D’un geste, Pardaillan désigna la chaussée tout autour du perron. La Varenne avait disparu. C’est ce que Jehan le Brave dut reconnaître après avoir vainement exploré tous les coins d’ombre.
– Le drôle a pris la fuite, dit-il avec insouciance. Qu’il aille au diable!
– M’est avis, fit paisiblement Pardaillan, qu’il n’est pas allé bien loin. Le drôle, comme vous dites, a dû s’arrêter près d’ici, au Louvre… Vous allez le voir revenir à la tête d’une troupe chargée de vous arrêter, ou je me trompe fort.
– Vous croyez?
– J’en suis sûr… Voyez plutôt!
Et en disant ces mots, Pardaillan montrait une troupe qui débouchait dans le bas de la rue, c’est-à-dire du côté où était situé le Louvre, et se dirigeait en courant droit à eux.
La Varenne, en effet, était revenu à lui au moment où Henri IV venait d’entrer chez Bertille de Saugis. Du premier coup d’œil, il reconnut la silhouette de l’homme qui l’avait si rudement frappé. Quant à Pardaillan, qu’il n’avait pas remarqué au moment de son algarade, il le prit pour un compagnon de celui qu’il qualifiait intérieurement de truand, de ribaud, de mauvais garçon et autres épithètes aussi flatteuses.
Il y avait du sbire et de l’espion chez cet honnête entremetteur. Il ne pouvait en être autrement, d’ailleurs. La Varenne se garda bien de bouger et se mit à écouter de toutes ses oreilles.

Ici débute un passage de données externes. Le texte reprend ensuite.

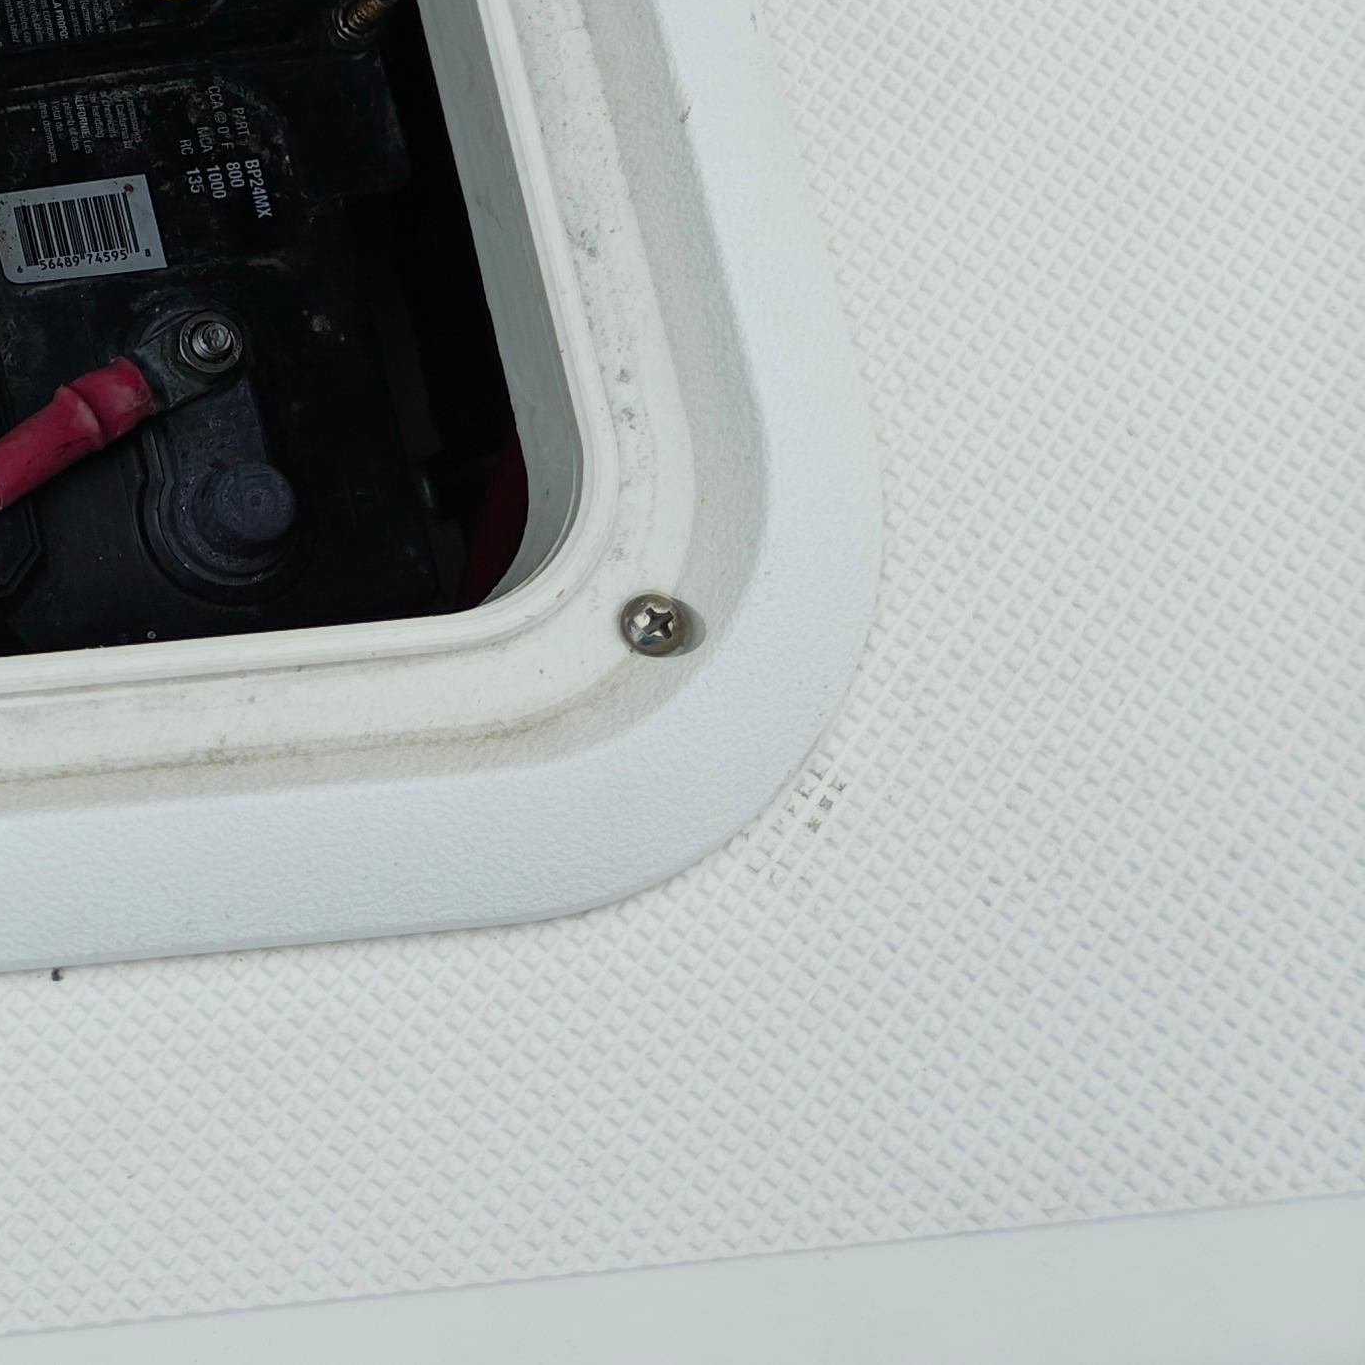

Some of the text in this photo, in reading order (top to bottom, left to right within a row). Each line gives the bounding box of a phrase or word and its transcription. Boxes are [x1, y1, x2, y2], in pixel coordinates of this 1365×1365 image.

[208, 85, 224, 109] CCA
[214, 111, 227, 123] @
[221, 142, 235, 150] F
[179, 138, 205, 194] RC 135
[196, 126, 227, 199] MCA 1000
[226, 162, 245, 187] 800
[244, 159, 273, 218] BP24MX
[39, 256, 79, 270] 56489
[88, 249, 127, 264] 74595

Il étouffa un rugissement de joie lorsqu’il comprit que celui qu’il haïssait déjà outrageusement avait résolu d’attendre le roi, là, à cette porte. Pourquoi? Pour le meurtrir évidemment, s’affirma-t-il.
Dès lors, sa résolution fut prise. S’échapper à la douce, courir au Louvre, heureusement très proche, et faire d’une pierre deux coups: se venger du misérable qui l’avait injurié et frappé et en même temps rendre un signalé service au roi. Ce qui n’était pas à dédaigner, si bien assise que fût sa faveur.
Mettant à profit l’obscurité et l’inattention des deux nocturnes causeurs, La Varenne parvint à s’éloigner en rampant sans avoir été remarqué. Lorsqu’il jugea qu’il se trouvait hors de vue, il se redressa d’un bond et courut d’une traite jusqu’au Louvre.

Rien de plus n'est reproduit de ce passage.